Cumpre realçar ainda que a “livre apreciação da prova” não se traduz obviamente numa “arbitrária apreciação da prova”, pelo que se impõe ao juiz que identifique os concretos meios probatórios que serviram para formar a sua convicção, bem como a “menção das razões justificativas da opção pelo Julgador entre os meios de prova de sinal oposto relativos ao mesmo facto” (cfr. Antunes Varela, J. Miguel Bezerra e Sampaio e Nora, Obra Cit. página 655).
Por isso, o “juiz [de 1ª Instância] explicará por que motivo deu mais crédito a uma testemunha do que a outra, por que motivo deu prevalência a um laudo pericial em detrimento de outro, por que motivo o depoimento de certa testemunha tecnicamente qualificada levou à desconsideração de um relatório pericial ou por que motivo não deu como provado certo facto apesar de o mesmo ser referido em vários depoimentos.
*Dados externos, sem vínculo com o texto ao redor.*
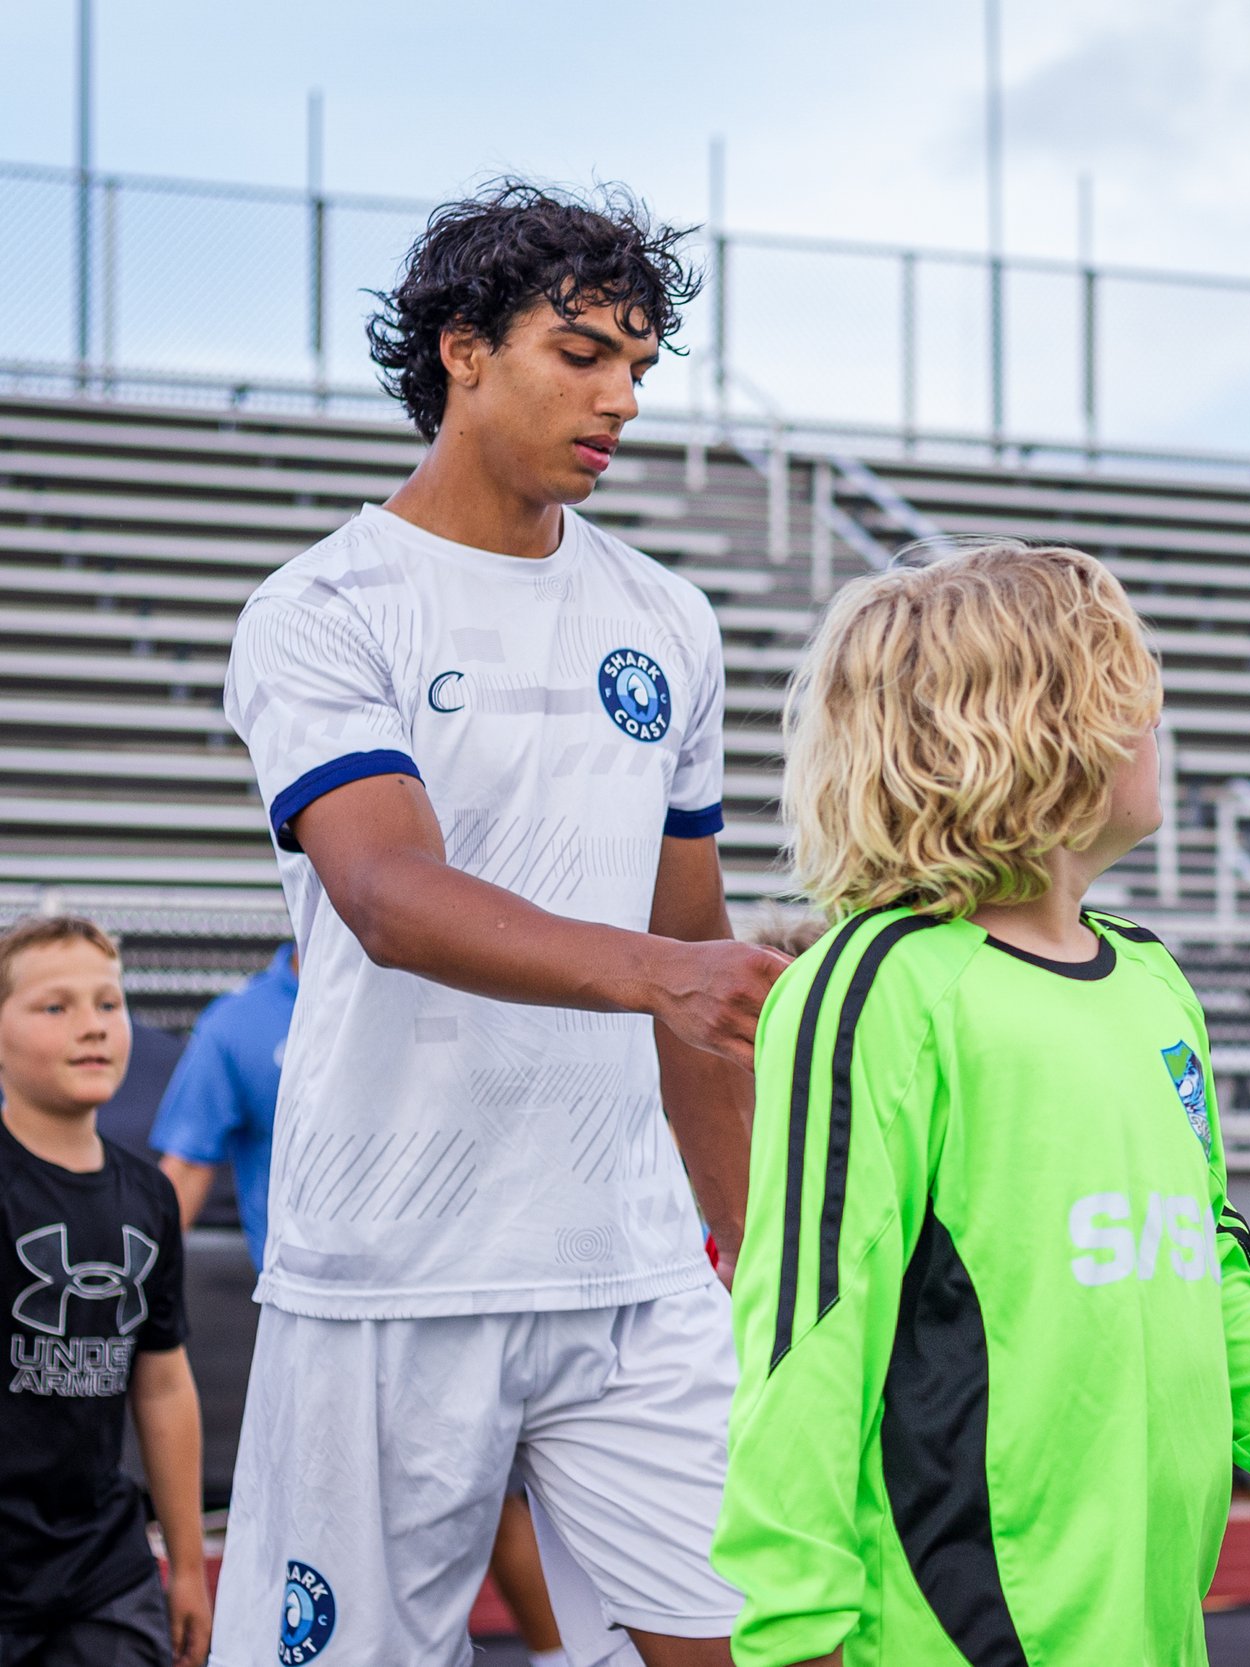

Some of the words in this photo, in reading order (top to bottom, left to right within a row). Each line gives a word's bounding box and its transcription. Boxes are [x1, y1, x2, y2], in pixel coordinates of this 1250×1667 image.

E é ainda assim por referência a certo depoimento e a propósito do crédito que merece (ou não), o juiz aludirá ao modo como o depoente se comportou em audiência, como reagiu às questões colocadas, às hesitações que não teve (teve), a naturalidade e tranquilidade que teve (ou não)” (Paulo Pimenta, Processo Civil Declarativo, Almedina, 2014, p. 325).
E é o juiz da 1ª Instância, perante o qual a prova é produzida que está em posição privilegiada para proceder à sua avaliação, e, designadamente, surpreender no comportamento das testemunhas elementos relevantes para aferir da espontaneidade e credibilidade dos depoimentos que frequentemente não transparecem da gravação.
Assim, a alteração da matéria de facto só deve pois ser efectuada pelo Tribunal da Relação quando este conclua, com a necessária segurança, que a prova produzida aponta em sentido diverso e impõe uma decisão diferente da que foi proferida em 1ª instância.
Como como já referimos, o tribunal a quo esclareceu de forma exaustiva, crítica e fundamentada, e através de raciocínio lógico, a forma como formou a sua convicção, e indicou especificada e justificadamente os fundamentos decisivos para a formação da mesma.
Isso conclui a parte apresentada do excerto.